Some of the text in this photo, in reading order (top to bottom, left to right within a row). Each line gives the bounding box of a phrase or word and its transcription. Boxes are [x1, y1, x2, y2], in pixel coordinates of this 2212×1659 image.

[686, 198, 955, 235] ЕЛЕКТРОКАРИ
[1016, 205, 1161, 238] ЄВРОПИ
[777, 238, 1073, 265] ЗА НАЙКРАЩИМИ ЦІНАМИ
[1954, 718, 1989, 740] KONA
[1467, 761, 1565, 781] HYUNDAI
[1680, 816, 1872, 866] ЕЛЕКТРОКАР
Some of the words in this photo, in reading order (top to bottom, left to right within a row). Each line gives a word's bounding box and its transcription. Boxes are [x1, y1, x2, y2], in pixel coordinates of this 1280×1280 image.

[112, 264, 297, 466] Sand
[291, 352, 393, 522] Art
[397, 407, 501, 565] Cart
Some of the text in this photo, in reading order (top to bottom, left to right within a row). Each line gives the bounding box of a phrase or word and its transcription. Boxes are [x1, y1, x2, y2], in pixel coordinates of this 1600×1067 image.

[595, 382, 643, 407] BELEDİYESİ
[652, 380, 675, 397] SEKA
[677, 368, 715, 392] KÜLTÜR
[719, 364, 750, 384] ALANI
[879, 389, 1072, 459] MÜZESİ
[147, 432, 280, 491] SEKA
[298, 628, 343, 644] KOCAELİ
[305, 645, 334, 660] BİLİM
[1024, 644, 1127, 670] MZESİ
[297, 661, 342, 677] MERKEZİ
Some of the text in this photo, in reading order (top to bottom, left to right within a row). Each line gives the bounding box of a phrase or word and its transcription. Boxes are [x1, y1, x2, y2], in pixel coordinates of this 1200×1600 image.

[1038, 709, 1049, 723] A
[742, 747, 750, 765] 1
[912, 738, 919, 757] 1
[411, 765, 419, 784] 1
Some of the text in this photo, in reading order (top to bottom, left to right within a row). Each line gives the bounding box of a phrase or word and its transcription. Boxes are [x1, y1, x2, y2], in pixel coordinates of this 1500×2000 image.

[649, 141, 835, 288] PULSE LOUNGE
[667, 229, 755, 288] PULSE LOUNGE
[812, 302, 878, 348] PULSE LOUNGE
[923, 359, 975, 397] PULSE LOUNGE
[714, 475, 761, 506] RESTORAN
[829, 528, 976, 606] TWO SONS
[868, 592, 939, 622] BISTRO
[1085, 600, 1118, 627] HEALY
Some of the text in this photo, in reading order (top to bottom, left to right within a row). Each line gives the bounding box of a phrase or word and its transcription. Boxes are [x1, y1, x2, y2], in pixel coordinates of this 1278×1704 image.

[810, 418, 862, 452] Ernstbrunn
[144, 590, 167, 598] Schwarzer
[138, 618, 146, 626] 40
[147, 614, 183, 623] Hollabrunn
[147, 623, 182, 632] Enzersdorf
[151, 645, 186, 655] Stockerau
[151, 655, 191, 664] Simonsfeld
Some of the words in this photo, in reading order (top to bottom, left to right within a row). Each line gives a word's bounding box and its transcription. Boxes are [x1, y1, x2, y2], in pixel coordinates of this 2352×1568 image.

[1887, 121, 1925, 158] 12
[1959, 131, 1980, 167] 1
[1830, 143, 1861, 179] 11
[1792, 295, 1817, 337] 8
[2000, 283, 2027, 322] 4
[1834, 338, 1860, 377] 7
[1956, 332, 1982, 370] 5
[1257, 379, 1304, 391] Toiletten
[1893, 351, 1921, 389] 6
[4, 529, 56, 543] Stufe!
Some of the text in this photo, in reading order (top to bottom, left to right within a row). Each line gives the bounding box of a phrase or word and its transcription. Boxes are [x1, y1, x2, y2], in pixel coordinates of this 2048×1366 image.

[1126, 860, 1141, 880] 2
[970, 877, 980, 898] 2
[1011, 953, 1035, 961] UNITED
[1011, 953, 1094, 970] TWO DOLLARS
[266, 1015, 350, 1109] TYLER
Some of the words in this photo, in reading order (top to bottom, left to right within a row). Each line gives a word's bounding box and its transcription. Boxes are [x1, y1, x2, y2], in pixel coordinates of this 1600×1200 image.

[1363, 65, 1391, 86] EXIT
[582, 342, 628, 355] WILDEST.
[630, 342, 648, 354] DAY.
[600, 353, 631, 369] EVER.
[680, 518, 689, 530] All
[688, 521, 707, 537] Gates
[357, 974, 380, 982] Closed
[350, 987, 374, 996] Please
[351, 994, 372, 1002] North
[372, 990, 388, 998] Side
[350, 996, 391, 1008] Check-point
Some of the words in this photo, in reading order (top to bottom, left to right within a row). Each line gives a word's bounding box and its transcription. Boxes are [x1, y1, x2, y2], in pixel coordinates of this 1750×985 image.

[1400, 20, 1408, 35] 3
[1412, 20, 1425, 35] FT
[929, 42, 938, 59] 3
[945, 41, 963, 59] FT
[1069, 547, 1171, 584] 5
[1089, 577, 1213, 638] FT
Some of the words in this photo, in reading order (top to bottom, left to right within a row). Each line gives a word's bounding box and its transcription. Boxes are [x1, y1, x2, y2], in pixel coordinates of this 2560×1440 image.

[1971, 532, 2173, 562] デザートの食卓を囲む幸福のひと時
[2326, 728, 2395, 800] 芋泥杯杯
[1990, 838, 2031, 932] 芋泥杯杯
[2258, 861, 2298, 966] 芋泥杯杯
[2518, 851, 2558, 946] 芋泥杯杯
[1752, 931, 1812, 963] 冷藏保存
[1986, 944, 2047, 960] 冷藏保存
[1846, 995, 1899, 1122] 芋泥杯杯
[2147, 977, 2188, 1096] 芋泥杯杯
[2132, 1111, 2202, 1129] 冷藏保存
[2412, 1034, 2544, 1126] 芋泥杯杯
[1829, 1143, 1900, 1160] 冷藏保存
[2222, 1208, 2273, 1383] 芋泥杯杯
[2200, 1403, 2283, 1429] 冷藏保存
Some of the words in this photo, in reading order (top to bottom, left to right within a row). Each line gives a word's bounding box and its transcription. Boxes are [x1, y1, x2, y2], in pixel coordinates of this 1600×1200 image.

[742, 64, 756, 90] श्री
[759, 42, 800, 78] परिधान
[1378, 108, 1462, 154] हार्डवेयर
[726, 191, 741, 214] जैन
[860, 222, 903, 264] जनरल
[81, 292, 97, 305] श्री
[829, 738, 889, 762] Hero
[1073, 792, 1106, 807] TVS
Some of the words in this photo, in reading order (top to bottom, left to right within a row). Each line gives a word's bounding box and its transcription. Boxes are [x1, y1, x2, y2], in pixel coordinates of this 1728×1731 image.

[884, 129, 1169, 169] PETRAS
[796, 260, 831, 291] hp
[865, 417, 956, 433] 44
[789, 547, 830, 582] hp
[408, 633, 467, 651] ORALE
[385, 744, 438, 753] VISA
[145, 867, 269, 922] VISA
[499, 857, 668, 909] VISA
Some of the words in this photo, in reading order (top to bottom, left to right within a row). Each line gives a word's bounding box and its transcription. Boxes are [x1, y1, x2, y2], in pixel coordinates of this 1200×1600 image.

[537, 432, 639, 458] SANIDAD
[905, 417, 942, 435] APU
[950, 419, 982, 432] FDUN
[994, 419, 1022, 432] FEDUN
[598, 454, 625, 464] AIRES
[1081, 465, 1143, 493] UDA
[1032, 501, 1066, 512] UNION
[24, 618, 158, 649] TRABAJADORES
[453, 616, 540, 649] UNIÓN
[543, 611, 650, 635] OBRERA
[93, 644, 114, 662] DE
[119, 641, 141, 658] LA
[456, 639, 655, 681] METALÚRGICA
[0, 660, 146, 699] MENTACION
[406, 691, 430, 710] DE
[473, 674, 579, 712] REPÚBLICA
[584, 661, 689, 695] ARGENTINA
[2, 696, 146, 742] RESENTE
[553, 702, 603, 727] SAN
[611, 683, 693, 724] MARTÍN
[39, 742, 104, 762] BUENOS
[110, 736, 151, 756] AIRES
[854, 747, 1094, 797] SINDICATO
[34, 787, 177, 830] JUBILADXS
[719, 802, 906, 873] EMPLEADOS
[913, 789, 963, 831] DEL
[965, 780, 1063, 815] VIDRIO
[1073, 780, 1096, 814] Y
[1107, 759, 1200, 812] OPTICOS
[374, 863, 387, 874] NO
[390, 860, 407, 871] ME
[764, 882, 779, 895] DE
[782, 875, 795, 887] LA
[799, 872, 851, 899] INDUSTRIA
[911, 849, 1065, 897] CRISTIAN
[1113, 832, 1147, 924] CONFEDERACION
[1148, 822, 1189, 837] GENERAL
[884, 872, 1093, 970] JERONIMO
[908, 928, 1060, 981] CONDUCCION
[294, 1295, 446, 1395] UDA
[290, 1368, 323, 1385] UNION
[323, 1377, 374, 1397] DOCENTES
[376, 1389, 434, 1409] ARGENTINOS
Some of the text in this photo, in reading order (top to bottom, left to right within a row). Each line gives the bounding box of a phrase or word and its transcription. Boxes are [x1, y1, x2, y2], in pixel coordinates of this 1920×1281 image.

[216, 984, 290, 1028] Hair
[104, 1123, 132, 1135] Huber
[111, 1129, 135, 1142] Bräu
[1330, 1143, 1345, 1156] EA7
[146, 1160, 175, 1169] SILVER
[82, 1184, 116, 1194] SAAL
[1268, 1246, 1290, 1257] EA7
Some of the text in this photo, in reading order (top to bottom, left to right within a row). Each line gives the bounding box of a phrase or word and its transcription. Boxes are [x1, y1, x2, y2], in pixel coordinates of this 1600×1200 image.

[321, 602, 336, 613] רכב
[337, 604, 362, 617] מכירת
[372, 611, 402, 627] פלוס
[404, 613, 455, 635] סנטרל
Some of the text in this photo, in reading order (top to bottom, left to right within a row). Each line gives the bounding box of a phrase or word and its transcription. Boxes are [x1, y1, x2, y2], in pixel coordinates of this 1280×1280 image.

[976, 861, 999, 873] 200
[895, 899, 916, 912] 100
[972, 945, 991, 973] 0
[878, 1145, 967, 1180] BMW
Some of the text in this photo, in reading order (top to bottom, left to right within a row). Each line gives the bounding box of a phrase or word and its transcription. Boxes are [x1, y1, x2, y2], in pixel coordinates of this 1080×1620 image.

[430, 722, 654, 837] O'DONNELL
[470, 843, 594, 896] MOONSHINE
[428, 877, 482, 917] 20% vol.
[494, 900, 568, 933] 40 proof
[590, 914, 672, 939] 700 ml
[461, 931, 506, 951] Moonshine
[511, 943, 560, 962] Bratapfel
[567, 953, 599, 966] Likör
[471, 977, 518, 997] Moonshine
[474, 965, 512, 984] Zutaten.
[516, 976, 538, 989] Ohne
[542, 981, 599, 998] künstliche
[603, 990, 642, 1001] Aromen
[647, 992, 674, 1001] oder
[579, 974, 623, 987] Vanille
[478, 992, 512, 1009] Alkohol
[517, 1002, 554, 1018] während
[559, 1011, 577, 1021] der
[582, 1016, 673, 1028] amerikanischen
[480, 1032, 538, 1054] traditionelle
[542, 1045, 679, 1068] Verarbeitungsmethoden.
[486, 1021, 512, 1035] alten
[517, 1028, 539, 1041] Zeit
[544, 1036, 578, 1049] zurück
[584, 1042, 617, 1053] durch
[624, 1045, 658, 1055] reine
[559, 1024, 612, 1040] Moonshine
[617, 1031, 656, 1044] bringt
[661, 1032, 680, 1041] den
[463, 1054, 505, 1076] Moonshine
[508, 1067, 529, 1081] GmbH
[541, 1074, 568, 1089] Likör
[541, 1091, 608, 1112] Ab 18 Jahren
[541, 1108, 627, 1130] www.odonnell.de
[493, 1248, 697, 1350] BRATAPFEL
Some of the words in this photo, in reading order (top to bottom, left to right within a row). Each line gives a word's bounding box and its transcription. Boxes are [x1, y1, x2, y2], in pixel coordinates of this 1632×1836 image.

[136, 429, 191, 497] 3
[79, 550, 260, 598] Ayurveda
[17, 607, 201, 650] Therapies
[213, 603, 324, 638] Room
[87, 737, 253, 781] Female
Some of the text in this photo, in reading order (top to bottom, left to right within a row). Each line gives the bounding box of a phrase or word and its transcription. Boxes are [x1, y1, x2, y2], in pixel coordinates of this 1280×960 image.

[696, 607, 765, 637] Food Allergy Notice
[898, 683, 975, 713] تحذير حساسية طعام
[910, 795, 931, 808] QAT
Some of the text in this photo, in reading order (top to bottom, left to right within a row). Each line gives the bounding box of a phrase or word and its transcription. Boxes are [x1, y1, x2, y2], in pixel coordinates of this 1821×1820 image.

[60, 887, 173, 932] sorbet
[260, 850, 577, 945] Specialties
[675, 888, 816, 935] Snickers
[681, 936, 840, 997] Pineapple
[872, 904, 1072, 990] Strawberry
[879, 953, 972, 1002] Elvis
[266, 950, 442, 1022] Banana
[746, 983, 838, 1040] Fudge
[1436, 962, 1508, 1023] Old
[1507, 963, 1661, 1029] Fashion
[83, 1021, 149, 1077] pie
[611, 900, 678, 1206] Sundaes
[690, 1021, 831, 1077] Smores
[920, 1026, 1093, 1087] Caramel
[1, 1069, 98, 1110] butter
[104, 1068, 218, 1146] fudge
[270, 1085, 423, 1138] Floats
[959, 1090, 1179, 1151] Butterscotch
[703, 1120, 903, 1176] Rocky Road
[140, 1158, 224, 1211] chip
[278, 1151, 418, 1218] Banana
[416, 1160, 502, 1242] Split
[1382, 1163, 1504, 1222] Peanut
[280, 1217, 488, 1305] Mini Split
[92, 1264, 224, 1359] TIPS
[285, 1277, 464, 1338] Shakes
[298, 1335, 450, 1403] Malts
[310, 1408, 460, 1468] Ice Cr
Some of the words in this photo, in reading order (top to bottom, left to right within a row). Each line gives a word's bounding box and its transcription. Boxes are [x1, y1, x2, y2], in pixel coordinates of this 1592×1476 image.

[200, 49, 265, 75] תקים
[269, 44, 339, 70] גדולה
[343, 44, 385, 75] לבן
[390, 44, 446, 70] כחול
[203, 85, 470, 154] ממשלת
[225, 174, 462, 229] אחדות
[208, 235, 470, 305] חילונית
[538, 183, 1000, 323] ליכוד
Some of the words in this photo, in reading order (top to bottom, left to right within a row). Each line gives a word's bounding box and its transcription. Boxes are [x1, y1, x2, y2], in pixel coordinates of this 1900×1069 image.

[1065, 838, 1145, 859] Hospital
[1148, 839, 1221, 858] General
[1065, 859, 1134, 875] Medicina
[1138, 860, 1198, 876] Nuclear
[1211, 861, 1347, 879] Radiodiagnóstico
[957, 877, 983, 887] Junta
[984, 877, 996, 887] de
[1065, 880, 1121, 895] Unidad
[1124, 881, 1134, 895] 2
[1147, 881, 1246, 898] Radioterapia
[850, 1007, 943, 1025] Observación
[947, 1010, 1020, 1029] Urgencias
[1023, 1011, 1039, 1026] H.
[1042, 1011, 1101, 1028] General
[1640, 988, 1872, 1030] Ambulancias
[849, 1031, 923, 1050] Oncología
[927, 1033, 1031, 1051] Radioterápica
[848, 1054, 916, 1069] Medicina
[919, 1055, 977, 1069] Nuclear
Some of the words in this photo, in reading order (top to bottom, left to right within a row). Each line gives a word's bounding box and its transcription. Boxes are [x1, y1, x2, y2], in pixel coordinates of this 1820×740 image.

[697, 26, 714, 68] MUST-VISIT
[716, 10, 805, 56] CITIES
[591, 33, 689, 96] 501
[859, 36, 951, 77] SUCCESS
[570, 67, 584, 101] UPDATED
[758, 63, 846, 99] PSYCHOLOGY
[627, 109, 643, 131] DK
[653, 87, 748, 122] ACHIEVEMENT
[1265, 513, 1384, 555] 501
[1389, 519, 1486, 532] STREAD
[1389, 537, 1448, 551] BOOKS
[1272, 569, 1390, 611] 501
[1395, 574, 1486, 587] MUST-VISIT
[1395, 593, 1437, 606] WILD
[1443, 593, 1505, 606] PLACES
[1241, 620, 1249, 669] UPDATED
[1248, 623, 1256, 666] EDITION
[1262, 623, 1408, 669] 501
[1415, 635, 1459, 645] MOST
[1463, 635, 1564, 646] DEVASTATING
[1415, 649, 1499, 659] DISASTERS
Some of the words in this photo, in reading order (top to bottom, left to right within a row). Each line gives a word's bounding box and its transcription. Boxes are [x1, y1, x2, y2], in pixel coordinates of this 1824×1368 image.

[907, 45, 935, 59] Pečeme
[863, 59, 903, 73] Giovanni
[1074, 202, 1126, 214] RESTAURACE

TASK DESCRIPTION -
Retype, without any change, every line from the one with "this 1824×1368 image." to the bottom of the listing.

SOLVED EXERCISE -
Some of the words in this photo, in reading order (top to bottom, left to right within a row). Each line gives a word's bounding box and its transcription. Boxes are [x1, y1, x2, y2], in pixel coordinates of this 1824×1368 image.

[907, 45, 935, 59] Pečeme
[863, 59, 903, 73] Giovanni
[1074, 202, 1126, 214] RESTAURACE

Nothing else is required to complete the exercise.